Simple Text Streaming

Enable streaming by setting stream=True:

from chimeric import Chimeric

client = Chimeric()

# Basic streaming
stream = client.generate(
    model="gpt-4o",
    messages="Tell me a story about space exploration",
    stream=True
)

# Process chunks in real-time
for chunk in stream:
    if chunk.delta:  # New content in this chunk
        print(chunk.delta, end="", flush=True)

    if chunk.finish_reason:
        print(f"\nStreaming finished: {chunk.finish_reason}")
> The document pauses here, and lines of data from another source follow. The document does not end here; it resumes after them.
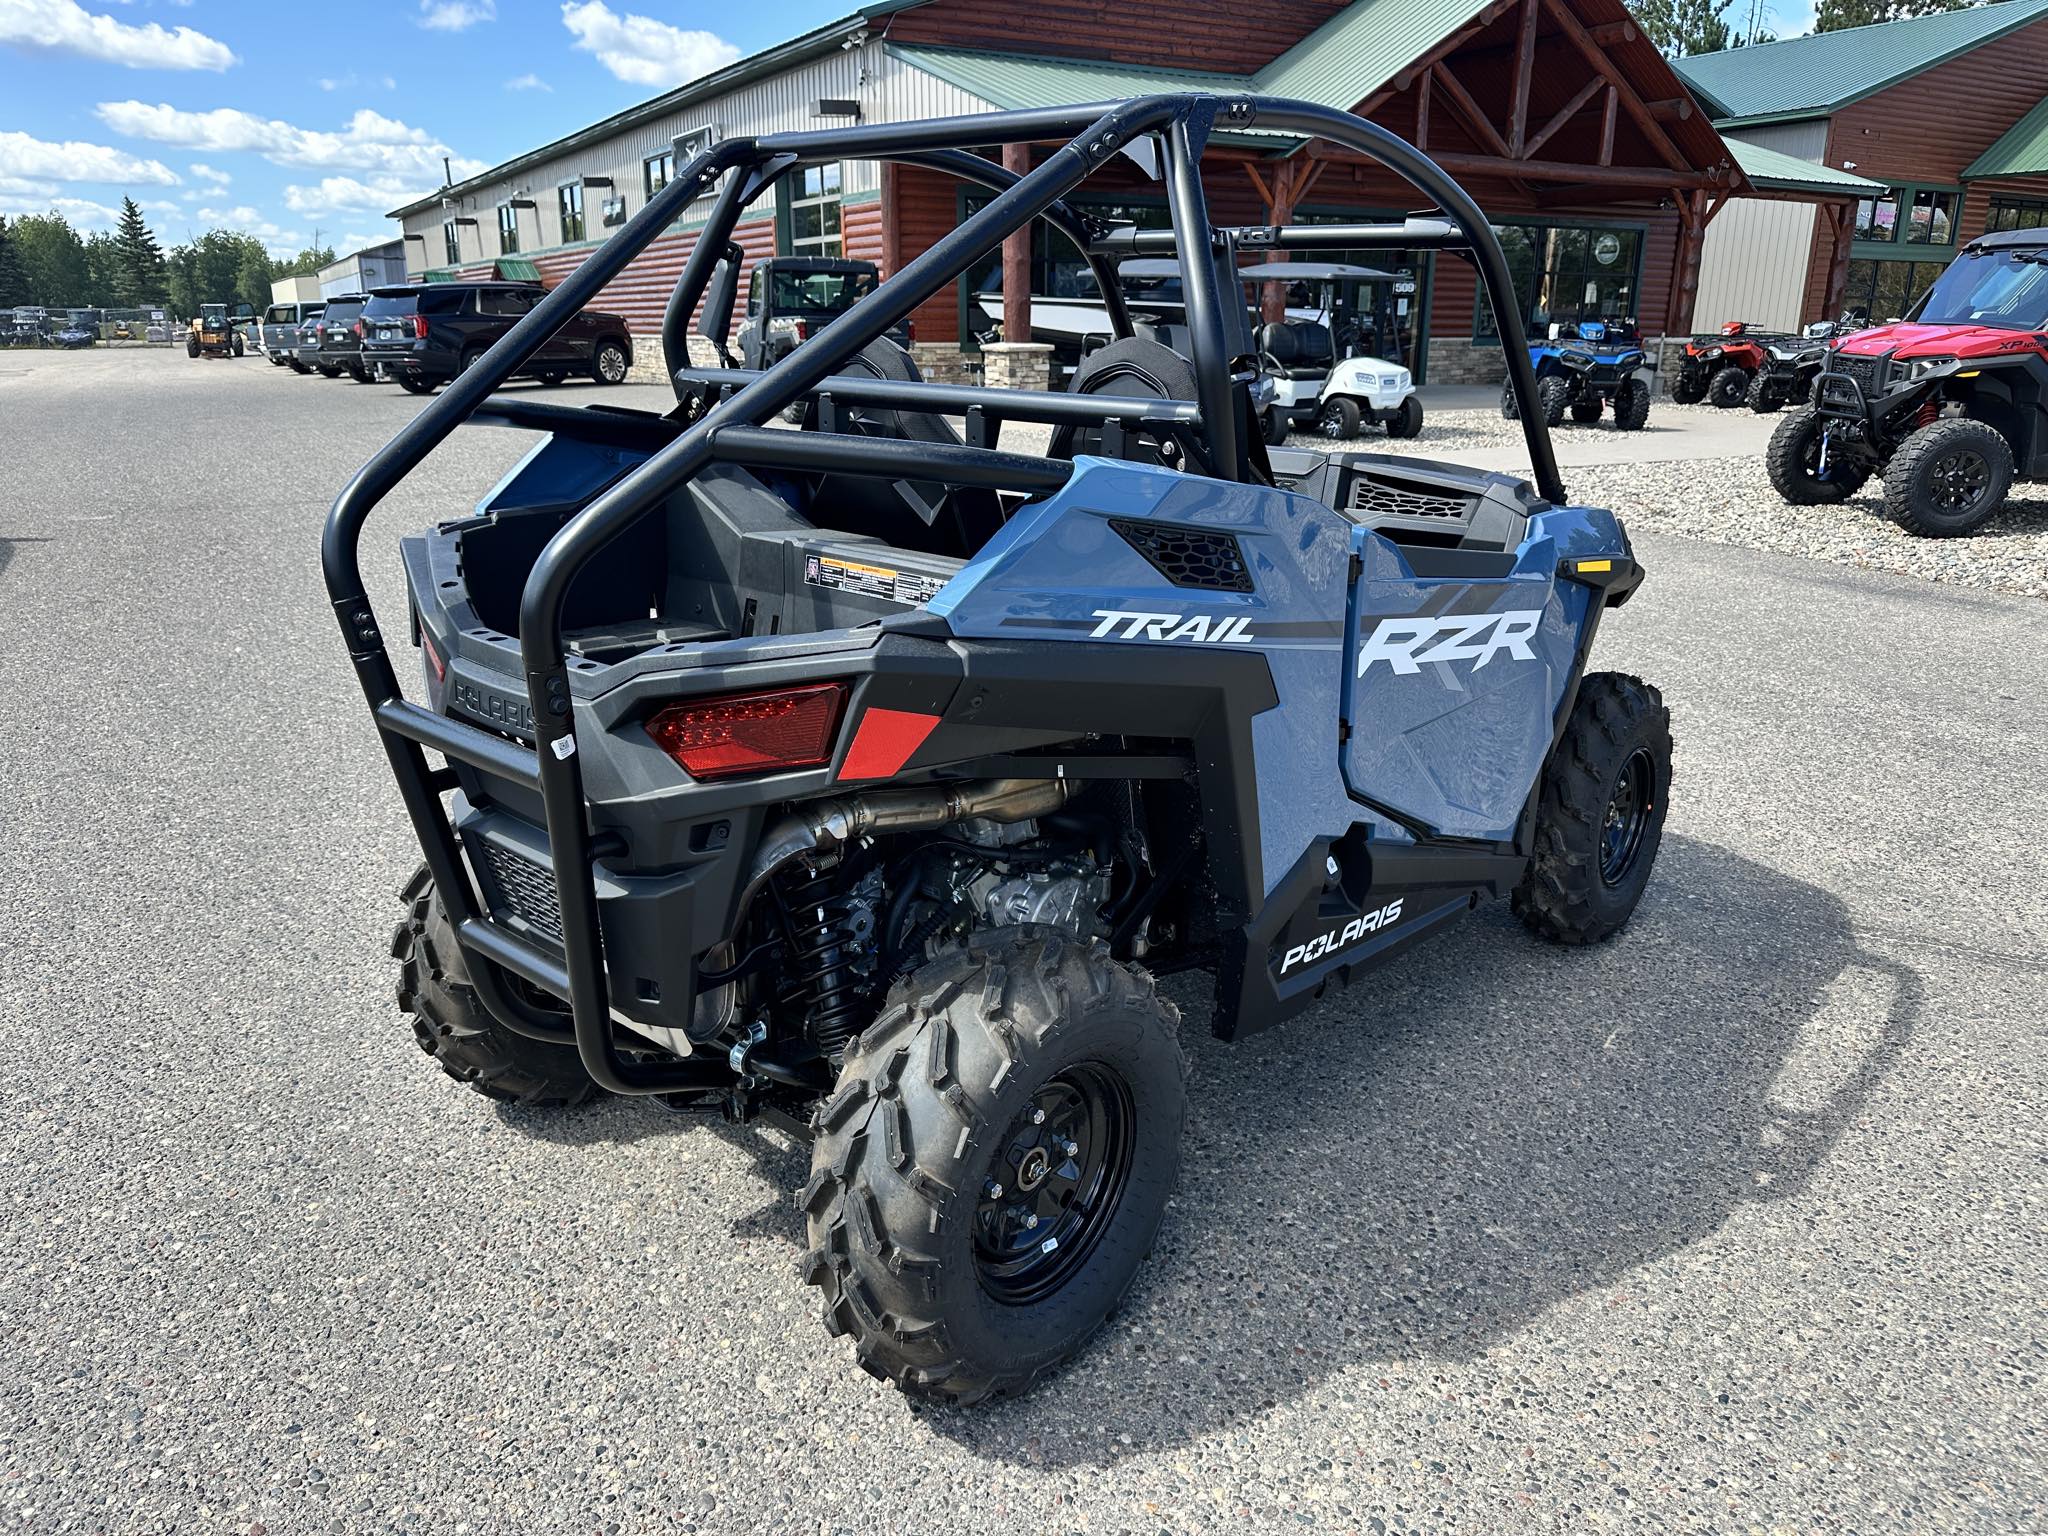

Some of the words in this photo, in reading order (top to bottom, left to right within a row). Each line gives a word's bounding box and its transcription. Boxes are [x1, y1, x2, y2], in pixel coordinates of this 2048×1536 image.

[1395, 282, 1415, 293] 509
[1997, 340, 2024, 351] XP
[1089, 609, 1255, 643] TRAIL
[1357, 609, 1542, 679] RZR
[1279, 897, 1404, 975] POLARIS
Understanding Stream Chunks

Each stream chunk contains several fields:

stream = client.generate(
    model="gpt-4o",
    messages="Explain quantum physics briefly",
    stream=True
)

for chunk in stream:
    print(f"Content: {chunk.content}")      # Accumulated text so far
    print(f"Delta: {chunk.delta}")          # New text in this chunk
    print(f"Finish: {chunk.finish_reason}") # Why streaming stopped (if finished)
    print(f"Meta: {chunk.metadata}")        # Additional chunk info
    print("---")

Stream Chunk Fields

content

The accumulated text content from the start of the response up to the current chunk:

accumulated_text = ""
for chunk in stream:
    # chunk.content contains all text so far
    accumulated_text = chunk.content
    print(f"Total so far: {accumulated_text}")

delta

The incremental text added in this specific chunk:

full_response = ""
for chunk in stream:
    if chunk.delta:
        full_response += chunk.delta  # Build response incrementally
        print(chunk.delta, end="")    # Display new text immediately

finish_reason

Indicates why the stream ended (typically in the final chunk):

for chunk in stream:
    if chunk.finish_reason:
        print(f"Stream ended: {chunk.finish_reason}")
        # Common values: "stop", "length", "tool_calls", "content_filter"

metadata

Contains additional information about the chunk or final response:

for chunk in stream:
    if chunk.metadata:
        print(f"Chunk metadata: {chunk.metadata}")
        # May include: token counts, model info, request IDs, etc.

Async Streaming

Use async streaming for high-performance applications:

import asyncio

async def stream_example():
    client = Chimeric()

    stream = await client.agenerate(
        model="gpt-4o",
        messages="Write a poem about artificial intelligence",
        stream=True
    )

    async for chunk in stream:
        if chunk.delta:
            print(chunk.delta, end="", flush=True)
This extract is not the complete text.